Last week I attended Qualtrics’ X4, a world-class experience management summit showcasing Qualtrics’ proprietary analytics and AI products. The event prompted exciting conversations about AI and its impact on XM, bringing together the community of customers who leverage Qualtrics tools. The theme of the conference was “connection is everything,” with each speaker underscoring the importance of AI as a tool to augment human abilities rather than replace them. This emphasis on the irreplaceable value of the human touch was particularly refreshing given the technology-centric language we tend to hear when AI is discussed. 


As a whole, experience management encompasses far more than CX & EX, it offers a holistic approach to drive meaningful improvement. Qualtrics is an industry leader in XM; its products excel at surfacing actionable insights for both customer-centric and employee-centric teams.


In Salt Lake City last week, Qualtrics unveiled new additions to their product portfolio that utilize cutting edge AI to elevate the quality of experiences, including their agentic AI offering, Experience Agents. As I listened to the Qualtrics team, their customers, and thought leaders throughout the conference, a number of key themes emerged. Below I’ve distilled these ideas into actions that leaders can take to better leverage AI to generate high quality experiences. 


Recognize which choices customers don’t want to make (and which ones they do)

In the midst of the AI frenzy, some processes and touchpoints will obviously be easier to automate or augment with AI.  It may seem intuitive to make this decision based on where it’s easiest to introduce the technology – whether it be because that’s where the best data is, the team has the bandwidth to take on a new initiative, or other internal factors. However, if AI is implemented without customer needs in mind, it will likely yield the opposite results.

When we think of Agentic AI, one use case commonly used to demonstrate its potential is that of a travel agent. In the near future, agentic travel agents could be booking entire vacations for us, including multimodal transportation, hotel and hostel accommodations, dining and activities, using just a few pieces of customer information. With this example, there are clearly ways automation can make this process more efficient, but for me, the value of the automation comes down to how much I trust that a company can process the full scope of my preferences. While most customers would agree that travel and hotel booking could be simpler and easier, I find the process of researching and booking restaurants and activities to be a worthwhile experience that builds anticipation for the trip itself. This is especially true when considering the lack of a digital footprint for many businesses outside the US, and how agentic AI would be fully reliant on this digital data to make selections for you. 

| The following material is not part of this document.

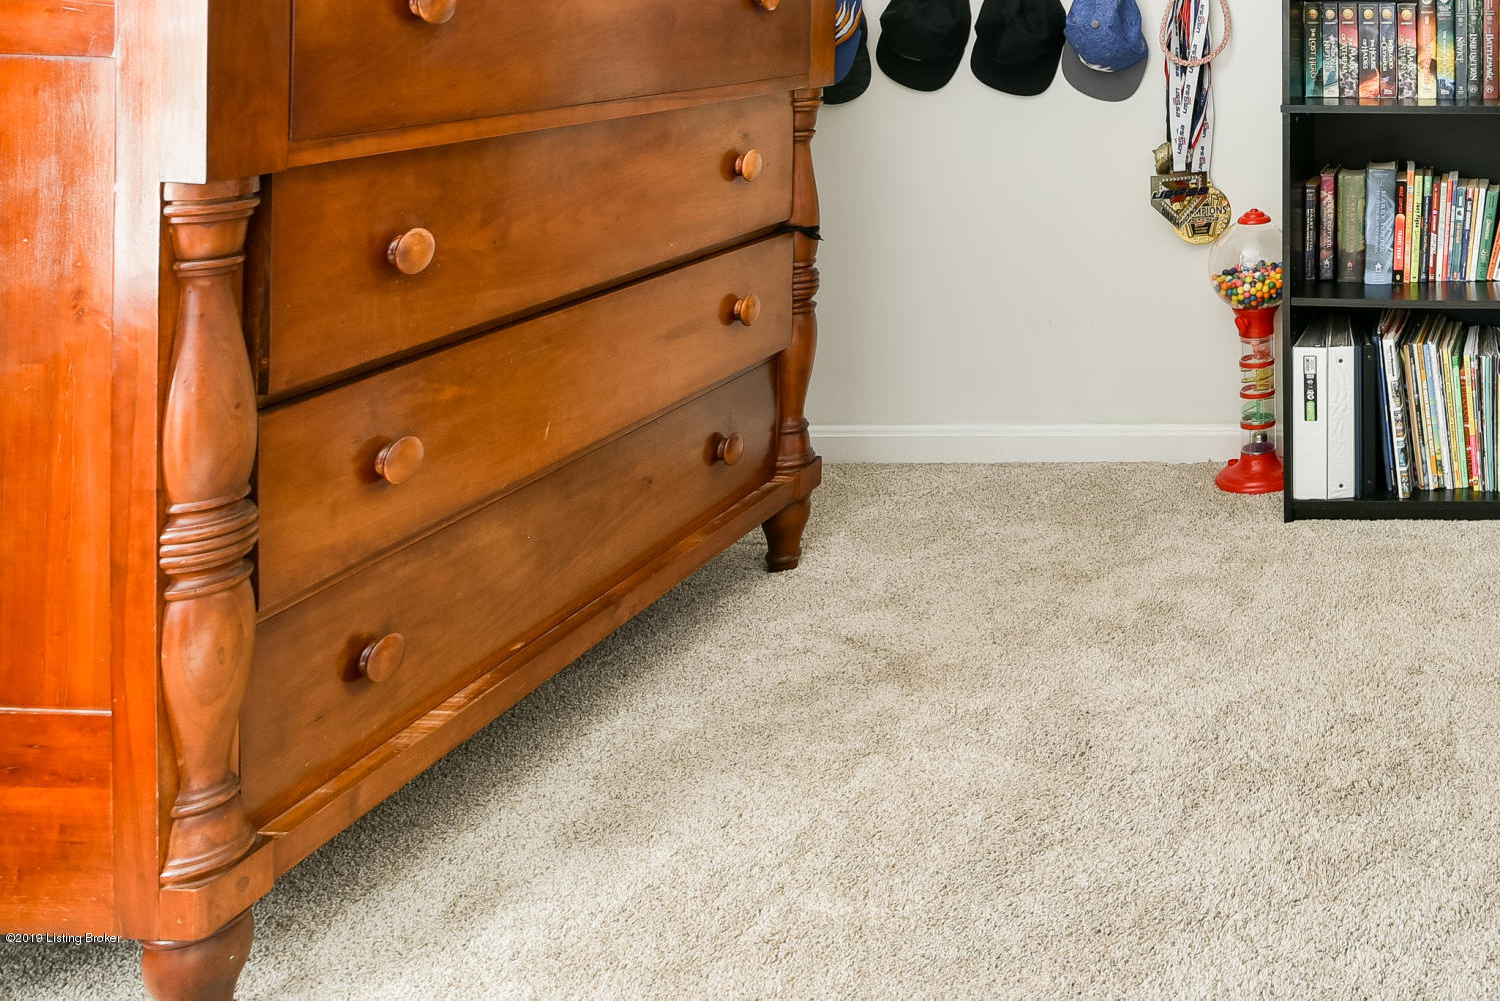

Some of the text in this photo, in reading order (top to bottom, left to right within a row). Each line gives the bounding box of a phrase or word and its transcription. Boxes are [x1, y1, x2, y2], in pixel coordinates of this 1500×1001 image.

In this example, expediency doesn’t outweigh the value of personal creative involvement in the vacation planning process. Decisions about where AI can improve processes should be rooted in customers’ desires, which requires comprehensive customer listening. A go-big-or-go-home approach to AI overhaul may sound exciting, but without grounding it in customer preferences it is likely to cause more harm than good. 

When it comes to mapping the customer journey, start yesterday


The sentiment echoed throughout X4’s Q&As following each session was the critical need to map the customer journey. There are plenty of rebuttals for why organizations, especially large companies, shouldn’t have to map their customer journey: no budget for it (or not sure which budget it would come out of), they’ve completed a similar initiative recently, there’s no immediate ROI for such elaborate coordination efforts, or there’s no one with bandwidth to lead the project. Even if your customer’s journey has been mapped in the past, with the amount of innovation having taken place in the last few years, it’s worth repeating. 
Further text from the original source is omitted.